◆ What to do ◆
Extract every entry word for word. Skip the pictures.

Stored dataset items
------------------------------------
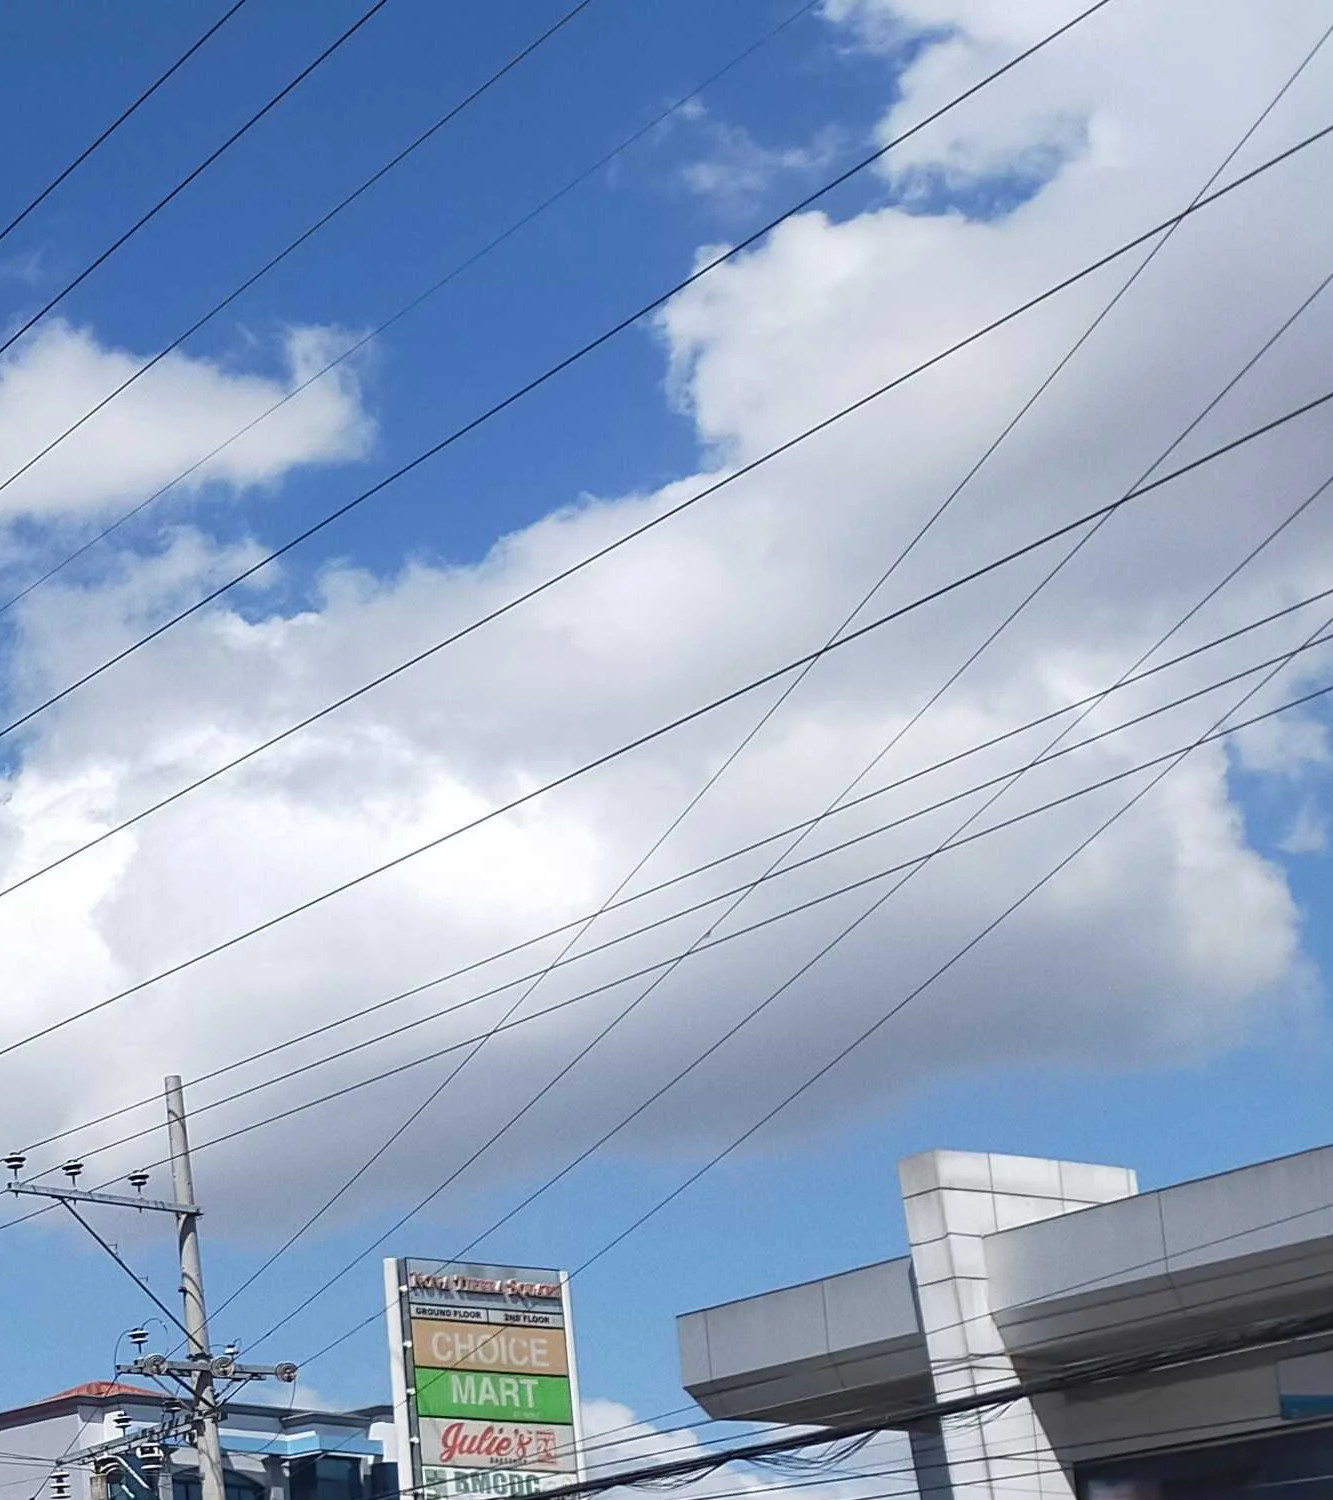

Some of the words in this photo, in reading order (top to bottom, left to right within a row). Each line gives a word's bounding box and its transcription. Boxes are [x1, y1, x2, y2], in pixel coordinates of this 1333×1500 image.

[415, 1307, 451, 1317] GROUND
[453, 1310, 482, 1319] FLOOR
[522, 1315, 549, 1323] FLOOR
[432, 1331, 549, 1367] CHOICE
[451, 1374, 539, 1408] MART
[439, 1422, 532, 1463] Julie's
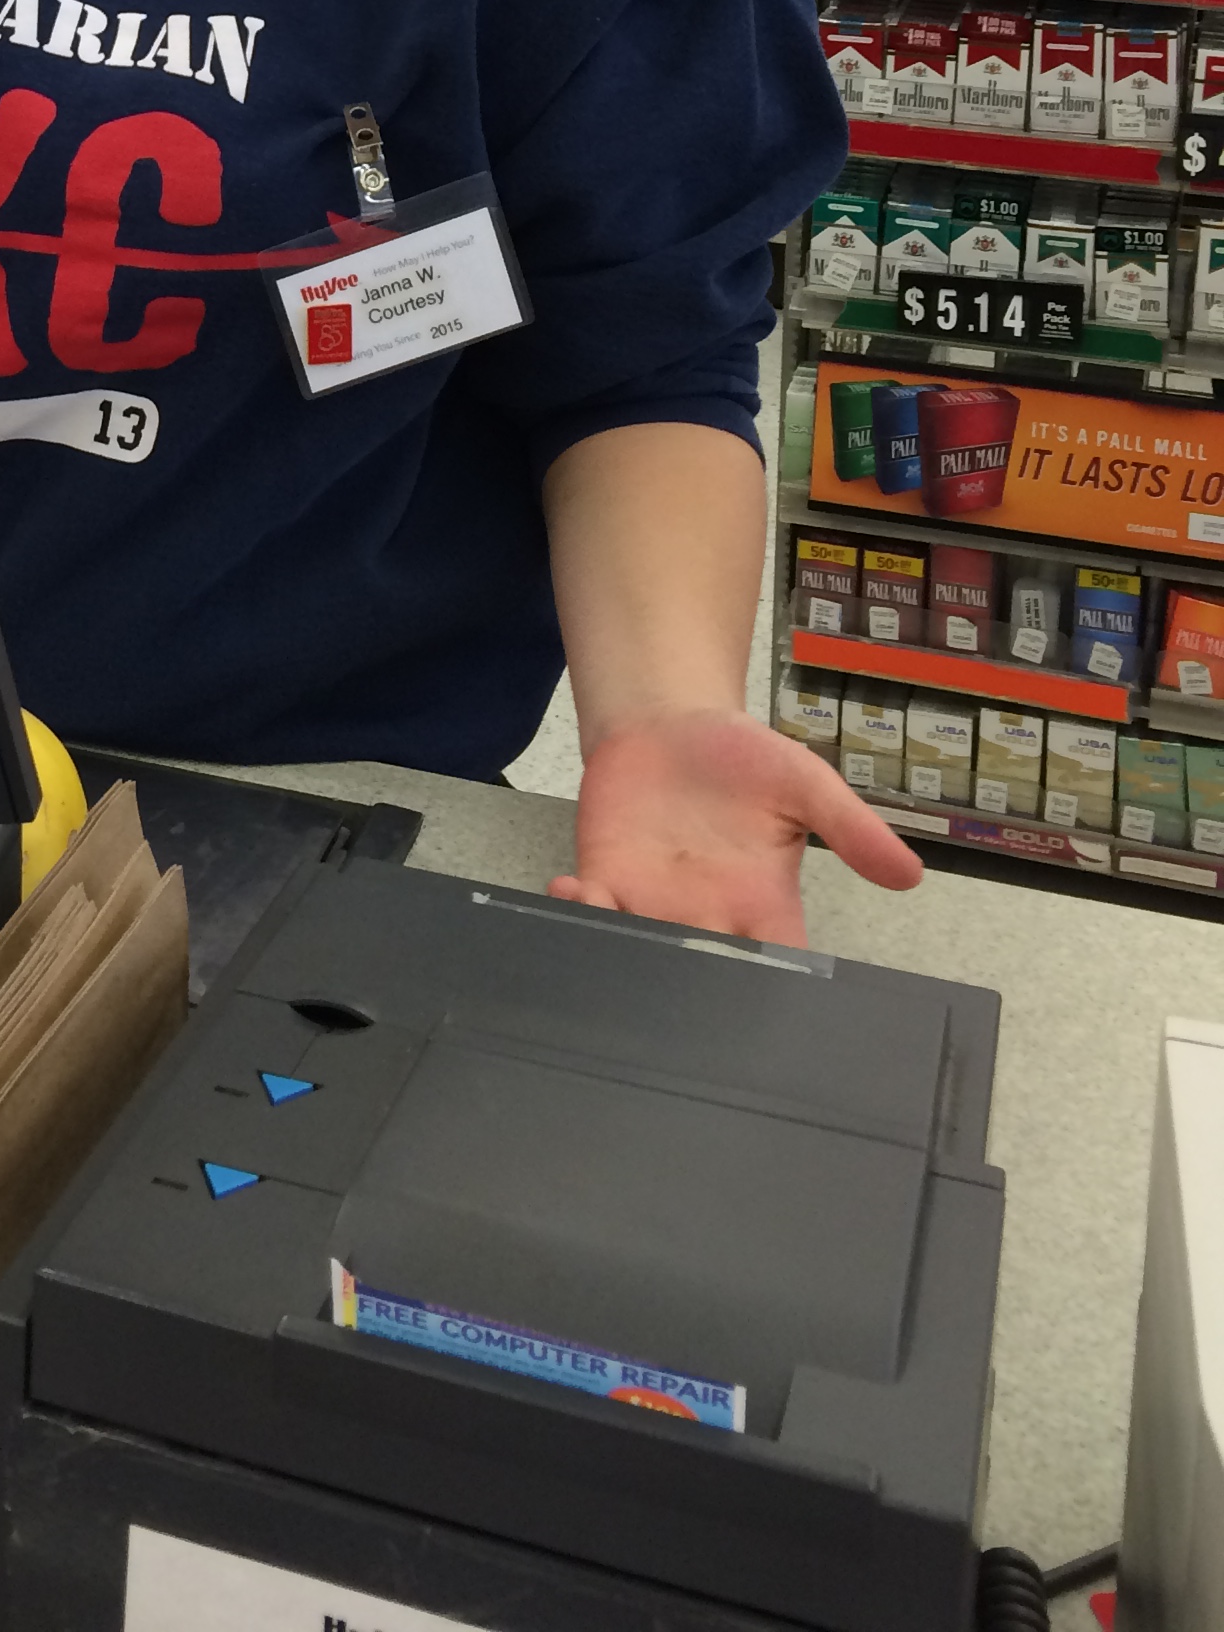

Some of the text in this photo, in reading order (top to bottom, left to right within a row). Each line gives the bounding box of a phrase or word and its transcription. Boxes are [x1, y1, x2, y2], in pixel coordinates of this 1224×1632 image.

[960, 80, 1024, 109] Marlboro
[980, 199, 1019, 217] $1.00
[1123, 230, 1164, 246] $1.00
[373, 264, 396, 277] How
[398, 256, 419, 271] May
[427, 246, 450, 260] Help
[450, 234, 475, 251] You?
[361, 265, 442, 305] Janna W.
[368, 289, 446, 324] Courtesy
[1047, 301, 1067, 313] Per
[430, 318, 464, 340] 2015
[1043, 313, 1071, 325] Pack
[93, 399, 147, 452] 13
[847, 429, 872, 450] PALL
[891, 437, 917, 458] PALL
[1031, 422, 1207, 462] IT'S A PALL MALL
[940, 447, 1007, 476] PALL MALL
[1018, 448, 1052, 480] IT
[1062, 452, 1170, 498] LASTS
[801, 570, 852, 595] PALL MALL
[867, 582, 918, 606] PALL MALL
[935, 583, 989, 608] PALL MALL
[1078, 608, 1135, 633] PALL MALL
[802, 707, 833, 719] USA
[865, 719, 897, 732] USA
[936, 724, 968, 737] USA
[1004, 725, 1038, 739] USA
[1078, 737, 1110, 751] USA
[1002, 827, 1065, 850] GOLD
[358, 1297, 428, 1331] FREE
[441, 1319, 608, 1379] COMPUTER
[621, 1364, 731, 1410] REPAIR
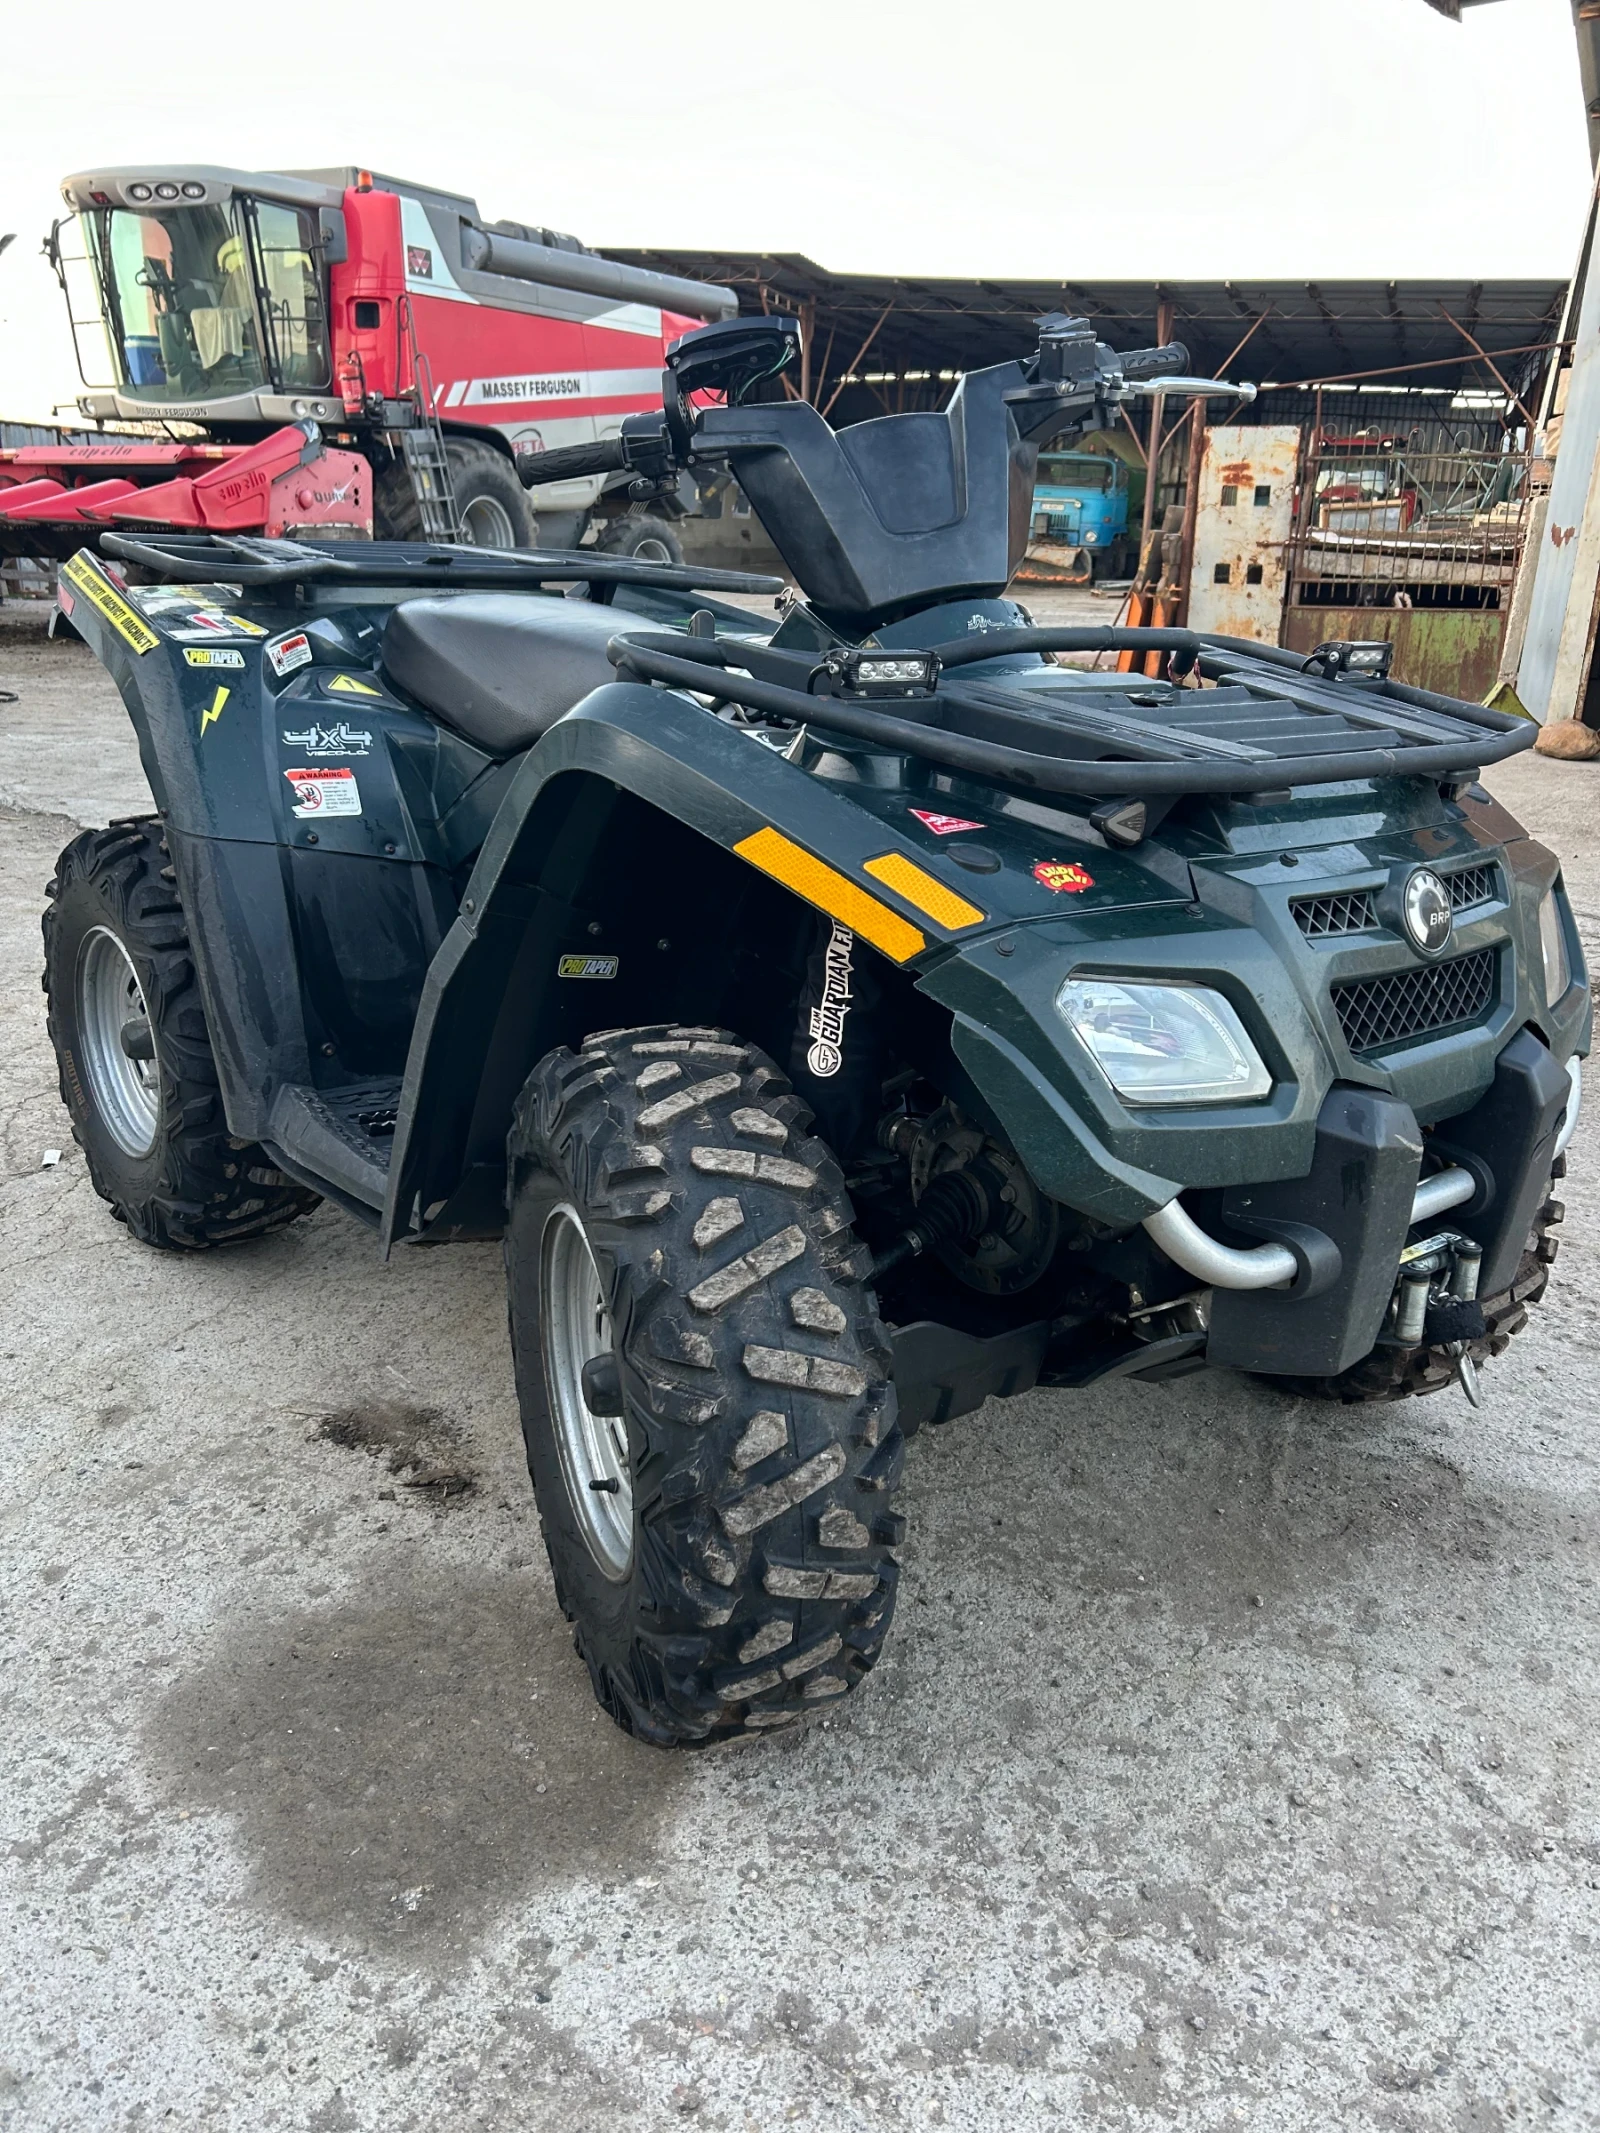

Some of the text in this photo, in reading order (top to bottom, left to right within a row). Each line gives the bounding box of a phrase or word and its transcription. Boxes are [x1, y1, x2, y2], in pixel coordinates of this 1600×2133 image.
------------------------------------
◆ Output below ◆
Some of the words in this photo, in reading order (top to bottom, left to right within a row). Each line gives a word's bounding box and its transcription. Boxes are [x1, y1, x2, y2], in pixel coordinates of this 1333×1500 image.

[415, 1307, 451, 1317] GROUND
[453, 1310, 482, 1319] FLOOR
[522, 1315, 549, 1323] FLOOR
[432, 1331, 549, 1367] CHOICE
[451, 1374, 539, 1408] MART
[439, 1422, 532, 1463] Julie's

Some of the text in this photo, in reading order (top to bottom, left to right within a row). Each line gives the bounding box of a phrase or word and its transcription. Boxes are [x1, y1, x2, y2], in pixel coordinates of this 1224×1632 image.

[960, 80, 1024, 109] Marlboro
[980, 199, 1019, 217] $1.00
[1123, 230, 1164, 246] $1.00
[373, 264, 396, 277] How
[398, 256, 419, 271] May
[427, 246, 450, 260] Help
[450, 234, 475, 251] You?
[361, 265, 442, 305] Janna W.
[368, 289, 446, 324] Courtesy
[1047, 301, 1067, 313] Per
[430, 318, 464, 340] 2015
[1043, 313, 1071, 325] Pack
[93, 399, 147, 452] 13
[847, 429, 872, 450] PALL
[891, 437, 917, 458] PALL
[1031, 422, 1207, 462] IT'S A PALL MALL
[940, 447, 1007, 476] PALL MALL
[1018, 448, 1052, 480] IT
[1062, 452, 1170, 498] LASTS
[801, 570, 852, 595] PALL MALL
[867, 582, 918, 606] PALL MALL
[935, 583, 989, 608] PALL MALL
[1078, 608, 1135, 633] PALL MALL
[802, 707, 833, 719] USA
[865, 719, 897, 732] USA
[936, 724, 968, 737] USA
[1004, 725, 1038, 739] USA
[1078, 737, 1110, 751] USA
[1002, 827, 1065, 850] GOLD
[358, 1297, 428, 1331] FREE
[441, 1319, 608, 1379] COMPUTER
[621, 1364, 731, 1410] REPAIR

Some of the text in this photo, in reading order (top to bottom, left to right within a row). Each line gives the bounding box of a phrase or word and its transcription. Boxes are [x1, y1, x2, y2], in pixel coordinates of this 1600×2133 image.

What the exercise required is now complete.